Feeling bored and restless today. Cabin fever settling in us. I really dont know how people do the 40 days confinement. I’m going cray cray here. (Did i use cray cray right? Did I?) We took Zayan out to Westfield in london when he was 2 weeks old on XMAS EVE – yes we were crazy. But with Ayman, I don’t feel ready to take him out. He’s just had surgery and with TOF (tracheo-oesophageal fistula), you can have recurrent chest infections. so I’d like to minimise this risk by having him at home for as long as I can!
Other than that, all is well. Ayman is a good chillax baby. He mostly just feeds and sleep, as opposed to zayan who cried a lot and had to be fed and held majority of the time.
Anyway, I was thinking of how my ex-schoolmates have progressed well in the career ladder and hopefully generally in life as well. I remember some of them as these immature teenage boys, silly and class clowns, just being teenagers really. And now look at them!
Did we ever see our lives pan out like how it did? I certainly didn’t. It never occured for me to do medicine. People probably thought I was geeky/nerdy enough though but for me, it was for the clever people, the top 10 of the class and that didnt include me.
I didnt see myself spending longer here and now I’m in my 13th year in this cold country. I have 4 more years to finish training. *groans*
As for marrying M, that took me by surprise as much as it did my parents.

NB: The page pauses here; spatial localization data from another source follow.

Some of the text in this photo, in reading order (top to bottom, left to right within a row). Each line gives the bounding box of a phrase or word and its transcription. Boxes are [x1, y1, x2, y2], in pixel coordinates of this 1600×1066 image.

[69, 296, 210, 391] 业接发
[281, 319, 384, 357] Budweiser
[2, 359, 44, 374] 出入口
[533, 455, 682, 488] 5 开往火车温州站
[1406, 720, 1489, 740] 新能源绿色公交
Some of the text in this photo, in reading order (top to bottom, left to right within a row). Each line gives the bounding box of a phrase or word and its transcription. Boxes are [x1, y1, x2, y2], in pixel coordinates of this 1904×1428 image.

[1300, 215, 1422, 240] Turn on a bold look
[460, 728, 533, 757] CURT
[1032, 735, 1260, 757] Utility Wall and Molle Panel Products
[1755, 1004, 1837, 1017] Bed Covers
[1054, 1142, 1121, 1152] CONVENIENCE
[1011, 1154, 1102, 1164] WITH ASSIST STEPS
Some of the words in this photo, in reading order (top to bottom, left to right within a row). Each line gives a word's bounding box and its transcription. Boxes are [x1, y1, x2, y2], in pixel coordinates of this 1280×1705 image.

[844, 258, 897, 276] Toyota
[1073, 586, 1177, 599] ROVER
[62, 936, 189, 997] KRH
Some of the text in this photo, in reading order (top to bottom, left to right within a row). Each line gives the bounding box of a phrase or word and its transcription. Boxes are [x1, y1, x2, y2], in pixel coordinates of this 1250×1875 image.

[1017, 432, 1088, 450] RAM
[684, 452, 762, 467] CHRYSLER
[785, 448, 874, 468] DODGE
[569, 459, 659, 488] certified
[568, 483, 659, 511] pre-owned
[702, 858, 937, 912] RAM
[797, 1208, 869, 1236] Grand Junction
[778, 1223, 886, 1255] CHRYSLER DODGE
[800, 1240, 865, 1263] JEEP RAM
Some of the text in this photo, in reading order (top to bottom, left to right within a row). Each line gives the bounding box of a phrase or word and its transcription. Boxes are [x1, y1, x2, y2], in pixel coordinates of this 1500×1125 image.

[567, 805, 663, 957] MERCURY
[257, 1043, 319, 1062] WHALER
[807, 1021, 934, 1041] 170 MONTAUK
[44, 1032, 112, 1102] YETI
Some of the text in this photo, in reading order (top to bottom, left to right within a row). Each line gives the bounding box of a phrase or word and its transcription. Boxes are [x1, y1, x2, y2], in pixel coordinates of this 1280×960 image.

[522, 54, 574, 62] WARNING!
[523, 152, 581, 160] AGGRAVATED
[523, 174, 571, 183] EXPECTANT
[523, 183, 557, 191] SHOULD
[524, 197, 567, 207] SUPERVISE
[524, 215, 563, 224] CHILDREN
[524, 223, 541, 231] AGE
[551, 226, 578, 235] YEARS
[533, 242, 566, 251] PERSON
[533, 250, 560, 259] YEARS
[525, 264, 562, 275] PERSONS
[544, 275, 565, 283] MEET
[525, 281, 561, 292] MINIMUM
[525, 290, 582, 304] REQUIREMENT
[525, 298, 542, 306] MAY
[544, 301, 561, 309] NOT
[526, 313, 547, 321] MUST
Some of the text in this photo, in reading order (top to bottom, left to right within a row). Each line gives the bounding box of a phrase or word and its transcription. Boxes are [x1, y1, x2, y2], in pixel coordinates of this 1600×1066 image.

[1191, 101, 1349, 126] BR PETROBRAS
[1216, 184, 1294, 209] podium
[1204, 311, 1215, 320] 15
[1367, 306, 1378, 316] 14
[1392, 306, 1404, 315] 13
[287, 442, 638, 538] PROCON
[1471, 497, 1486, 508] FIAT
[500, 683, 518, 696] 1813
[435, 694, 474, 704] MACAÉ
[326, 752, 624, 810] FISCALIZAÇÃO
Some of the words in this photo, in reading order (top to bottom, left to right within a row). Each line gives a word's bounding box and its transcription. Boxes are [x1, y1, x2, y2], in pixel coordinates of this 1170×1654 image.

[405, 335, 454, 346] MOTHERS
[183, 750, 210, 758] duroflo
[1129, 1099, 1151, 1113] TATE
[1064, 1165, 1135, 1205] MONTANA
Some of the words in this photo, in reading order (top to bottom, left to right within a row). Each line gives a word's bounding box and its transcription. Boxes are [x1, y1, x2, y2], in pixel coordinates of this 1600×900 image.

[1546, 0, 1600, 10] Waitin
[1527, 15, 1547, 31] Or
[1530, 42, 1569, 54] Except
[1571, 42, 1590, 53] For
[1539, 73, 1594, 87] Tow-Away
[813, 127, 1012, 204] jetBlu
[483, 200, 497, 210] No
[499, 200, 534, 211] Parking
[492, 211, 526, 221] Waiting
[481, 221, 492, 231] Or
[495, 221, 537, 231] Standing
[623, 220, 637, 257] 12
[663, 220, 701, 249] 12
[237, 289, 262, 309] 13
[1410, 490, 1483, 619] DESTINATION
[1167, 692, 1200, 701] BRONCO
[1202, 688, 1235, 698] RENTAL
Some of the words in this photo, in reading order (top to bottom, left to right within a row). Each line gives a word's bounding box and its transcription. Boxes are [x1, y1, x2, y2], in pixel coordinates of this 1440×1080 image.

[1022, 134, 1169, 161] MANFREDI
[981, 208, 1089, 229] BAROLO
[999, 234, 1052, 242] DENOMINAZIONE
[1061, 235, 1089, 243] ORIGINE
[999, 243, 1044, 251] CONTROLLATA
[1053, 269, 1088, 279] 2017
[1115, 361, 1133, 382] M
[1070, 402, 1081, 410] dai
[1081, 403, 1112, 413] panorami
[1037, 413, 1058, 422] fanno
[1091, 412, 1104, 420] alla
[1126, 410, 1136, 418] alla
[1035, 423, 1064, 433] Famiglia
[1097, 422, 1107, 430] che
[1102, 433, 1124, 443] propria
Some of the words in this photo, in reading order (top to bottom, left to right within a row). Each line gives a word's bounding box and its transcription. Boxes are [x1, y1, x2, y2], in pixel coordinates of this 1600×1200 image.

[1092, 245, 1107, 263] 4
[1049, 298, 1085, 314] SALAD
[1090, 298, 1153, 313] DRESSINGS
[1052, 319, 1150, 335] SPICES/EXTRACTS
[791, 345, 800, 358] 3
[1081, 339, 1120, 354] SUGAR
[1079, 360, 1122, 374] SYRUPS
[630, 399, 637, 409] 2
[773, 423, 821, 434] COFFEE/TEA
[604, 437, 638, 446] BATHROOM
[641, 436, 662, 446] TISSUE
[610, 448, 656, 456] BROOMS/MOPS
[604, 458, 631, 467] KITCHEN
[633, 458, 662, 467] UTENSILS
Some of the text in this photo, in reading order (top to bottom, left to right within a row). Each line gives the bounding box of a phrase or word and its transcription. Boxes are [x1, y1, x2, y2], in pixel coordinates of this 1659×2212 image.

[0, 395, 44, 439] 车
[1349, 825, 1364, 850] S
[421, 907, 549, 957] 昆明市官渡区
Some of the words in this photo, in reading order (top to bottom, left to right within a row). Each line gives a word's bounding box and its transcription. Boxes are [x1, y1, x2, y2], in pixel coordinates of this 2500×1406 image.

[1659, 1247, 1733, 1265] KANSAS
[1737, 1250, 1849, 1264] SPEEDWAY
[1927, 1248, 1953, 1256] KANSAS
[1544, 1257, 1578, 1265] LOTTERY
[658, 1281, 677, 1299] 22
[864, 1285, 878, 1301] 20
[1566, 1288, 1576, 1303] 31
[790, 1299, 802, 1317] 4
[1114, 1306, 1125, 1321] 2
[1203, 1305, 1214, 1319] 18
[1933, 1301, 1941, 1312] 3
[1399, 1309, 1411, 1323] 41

I dont know what I’m rambling on about now. I was just thinking this morning (in the shower) how things are so different when you’re a teenager. And you cant imagine things to be any different. I felt like such a dork in my teen years, and I wish I can go back and tell the 15 year old (or 22 year old) me that things will work out and it’s better for me to do what I’m happy with, rather than what pleases others. And the dorky in us? Someone will love it.